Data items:
• • •

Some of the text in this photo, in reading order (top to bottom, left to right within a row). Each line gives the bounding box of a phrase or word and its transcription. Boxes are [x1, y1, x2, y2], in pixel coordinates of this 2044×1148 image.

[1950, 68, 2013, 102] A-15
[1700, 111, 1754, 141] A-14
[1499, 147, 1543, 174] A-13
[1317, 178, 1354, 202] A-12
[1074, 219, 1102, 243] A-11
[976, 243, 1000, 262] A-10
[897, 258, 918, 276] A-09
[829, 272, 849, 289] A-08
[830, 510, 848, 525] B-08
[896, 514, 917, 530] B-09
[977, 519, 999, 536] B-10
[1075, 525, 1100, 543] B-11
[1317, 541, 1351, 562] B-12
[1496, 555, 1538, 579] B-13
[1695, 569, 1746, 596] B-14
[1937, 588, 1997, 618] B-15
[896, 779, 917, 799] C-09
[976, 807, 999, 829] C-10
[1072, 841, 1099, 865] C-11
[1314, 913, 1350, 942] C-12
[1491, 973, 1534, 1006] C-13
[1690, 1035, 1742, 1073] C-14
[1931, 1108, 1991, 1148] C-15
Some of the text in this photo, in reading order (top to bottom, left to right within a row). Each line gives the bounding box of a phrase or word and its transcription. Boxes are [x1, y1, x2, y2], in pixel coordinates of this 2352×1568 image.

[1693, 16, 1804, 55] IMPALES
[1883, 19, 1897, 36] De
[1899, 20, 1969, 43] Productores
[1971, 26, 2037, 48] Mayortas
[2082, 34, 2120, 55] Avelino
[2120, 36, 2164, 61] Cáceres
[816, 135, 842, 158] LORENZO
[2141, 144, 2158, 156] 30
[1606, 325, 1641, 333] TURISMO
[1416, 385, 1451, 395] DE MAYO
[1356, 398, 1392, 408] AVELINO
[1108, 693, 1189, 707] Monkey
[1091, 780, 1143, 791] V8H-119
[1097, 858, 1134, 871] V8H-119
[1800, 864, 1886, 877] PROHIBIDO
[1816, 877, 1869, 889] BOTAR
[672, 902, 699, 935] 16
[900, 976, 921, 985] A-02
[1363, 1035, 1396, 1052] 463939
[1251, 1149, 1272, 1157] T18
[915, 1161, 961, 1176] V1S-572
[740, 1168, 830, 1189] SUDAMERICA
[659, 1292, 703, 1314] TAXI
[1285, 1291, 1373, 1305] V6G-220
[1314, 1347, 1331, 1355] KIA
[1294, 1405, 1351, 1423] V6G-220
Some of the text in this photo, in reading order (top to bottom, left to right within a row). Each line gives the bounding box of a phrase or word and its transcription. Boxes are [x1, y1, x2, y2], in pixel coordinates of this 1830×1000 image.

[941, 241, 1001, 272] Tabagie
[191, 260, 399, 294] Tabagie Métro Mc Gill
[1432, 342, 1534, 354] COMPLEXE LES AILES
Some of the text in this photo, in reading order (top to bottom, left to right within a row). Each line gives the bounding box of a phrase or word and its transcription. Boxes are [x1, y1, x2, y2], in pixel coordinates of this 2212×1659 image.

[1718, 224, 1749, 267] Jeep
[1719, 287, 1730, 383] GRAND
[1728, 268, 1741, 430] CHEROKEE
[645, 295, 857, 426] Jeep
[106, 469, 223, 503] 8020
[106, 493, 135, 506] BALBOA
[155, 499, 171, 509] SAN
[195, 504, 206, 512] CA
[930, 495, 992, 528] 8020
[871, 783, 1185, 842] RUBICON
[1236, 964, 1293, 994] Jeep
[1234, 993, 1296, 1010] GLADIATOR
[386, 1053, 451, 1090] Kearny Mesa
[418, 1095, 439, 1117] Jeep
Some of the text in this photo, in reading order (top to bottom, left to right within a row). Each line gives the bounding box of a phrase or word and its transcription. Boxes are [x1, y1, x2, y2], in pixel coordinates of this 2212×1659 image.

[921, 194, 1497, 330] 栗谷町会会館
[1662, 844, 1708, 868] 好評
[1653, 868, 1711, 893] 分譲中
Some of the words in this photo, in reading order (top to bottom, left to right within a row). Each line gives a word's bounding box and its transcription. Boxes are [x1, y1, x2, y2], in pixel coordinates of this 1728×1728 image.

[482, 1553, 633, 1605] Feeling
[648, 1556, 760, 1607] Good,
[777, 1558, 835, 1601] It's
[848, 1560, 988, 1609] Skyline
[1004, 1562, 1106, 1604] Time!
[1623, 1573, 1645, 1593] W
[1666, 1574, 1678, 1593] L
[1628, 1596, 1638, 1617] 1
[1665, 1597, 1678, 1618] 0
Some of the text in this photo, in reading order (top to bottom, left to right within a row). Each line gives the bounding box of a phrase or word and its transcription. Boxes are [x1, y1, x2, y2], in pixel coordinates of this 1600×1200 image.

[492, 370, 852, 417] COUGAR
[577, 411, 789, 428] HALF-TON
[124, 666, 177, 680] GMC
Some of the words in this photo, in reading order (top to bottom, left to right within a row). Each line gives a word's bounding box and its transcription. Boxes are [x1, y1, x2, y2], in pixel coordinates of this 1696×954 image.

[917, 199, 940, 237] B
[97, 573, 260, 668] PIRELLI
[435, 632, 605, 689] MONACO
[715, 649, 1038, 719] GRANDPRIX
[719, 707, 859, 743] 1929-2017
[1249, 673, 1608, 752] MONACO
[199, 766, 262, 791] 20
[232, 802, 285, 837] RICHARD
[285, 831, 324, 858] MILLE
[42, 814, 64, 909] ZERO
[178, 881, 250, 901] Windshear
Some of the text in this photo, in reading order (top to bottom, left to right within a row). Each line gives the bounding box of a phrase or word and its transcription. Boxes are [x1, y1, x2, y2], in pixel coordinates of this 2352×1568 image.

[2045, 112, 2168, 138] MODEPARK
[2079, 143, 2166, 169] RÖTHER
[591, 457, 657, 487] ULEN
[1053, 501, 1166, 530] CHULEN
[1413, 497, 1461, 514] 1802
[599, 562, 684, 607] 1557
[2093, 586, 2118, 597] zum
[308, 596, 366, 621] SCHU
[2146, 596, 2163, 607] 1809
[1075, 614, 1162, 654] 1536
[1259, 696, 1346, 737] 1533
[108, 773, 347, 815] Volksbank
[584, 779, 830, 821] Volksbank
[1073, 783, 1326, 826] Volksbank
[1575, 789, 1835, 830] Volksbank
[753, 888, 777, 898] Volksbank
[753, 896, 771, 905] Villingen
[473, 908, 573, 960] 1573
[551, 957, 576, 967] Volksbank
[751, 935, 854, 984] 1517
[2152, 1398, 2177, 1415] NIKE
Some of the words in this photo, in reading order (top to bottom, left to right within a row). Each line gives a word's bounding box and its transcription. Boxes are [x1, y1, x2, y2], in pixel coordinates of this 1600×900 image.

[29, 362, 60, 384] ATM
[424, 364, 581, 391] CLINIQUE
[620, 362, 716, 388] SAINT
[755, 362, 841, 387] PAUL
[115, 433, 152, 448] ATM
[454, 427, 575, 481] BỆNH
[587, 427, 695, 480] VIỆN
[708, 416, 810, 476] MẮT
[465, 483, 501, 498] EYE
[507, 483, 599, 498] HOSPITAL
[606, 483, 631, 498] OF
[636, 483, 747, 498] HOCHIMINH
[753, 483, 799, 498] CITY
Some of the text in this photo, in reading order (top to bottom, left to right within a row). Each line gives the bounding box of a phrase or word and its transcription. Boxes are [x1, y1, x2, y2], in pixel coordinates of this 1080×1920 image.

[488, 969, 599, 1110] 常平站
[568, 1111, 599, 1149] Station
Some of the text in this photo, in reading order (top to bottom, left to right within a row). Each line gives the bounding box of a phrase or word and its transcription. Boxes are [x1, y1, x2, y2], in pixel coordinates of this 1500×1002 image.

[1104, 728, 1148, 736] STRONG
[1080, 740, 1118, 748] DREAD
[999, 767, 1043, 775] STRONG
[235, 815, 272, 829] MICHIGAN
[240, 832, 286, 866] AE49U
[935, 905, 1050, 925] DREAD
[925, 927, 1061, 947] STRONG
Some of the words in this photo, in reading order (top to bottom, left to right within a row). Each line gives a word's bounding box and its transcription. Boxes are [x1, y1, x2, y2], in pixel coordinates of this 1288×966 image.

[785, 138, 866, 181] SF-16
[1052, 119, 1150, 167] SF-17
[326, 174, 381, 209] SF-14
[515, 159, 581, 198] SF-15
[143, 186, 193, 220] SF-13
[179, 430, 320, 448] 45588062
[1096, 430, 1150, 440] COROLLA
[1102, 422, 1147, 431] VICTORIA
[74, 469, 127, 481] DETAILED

• • •

» PROBLEM TO SOLVE:
Look above for the line containing "this 1288×966 image."; copy from it through the last line, exactly, and nothing more.

» ANSWER SECTION:
Some of the words in this photo, in reading order (top to bottom, left to right within a row). Each line gives a word's bounding box and its transcription. Boxes are [x1, y1, x2, y2], in pixel coordinates of this 1288×966 image.

[785, 138, 866, 181] SF-16
[1052, 119, 1150, 167] SF-17
[326, 174, 381, 209] SF-14
[515, 159, 581, 198] SF-15
[143, 186, 193, 220] SF-13
[179, 430, 320, 448] 45588062
[1096, 430, 1150, 440] COROLLA
[1102, 422, 1147, 431] VICTORIA
[74, 469, 127, 481] DETAILED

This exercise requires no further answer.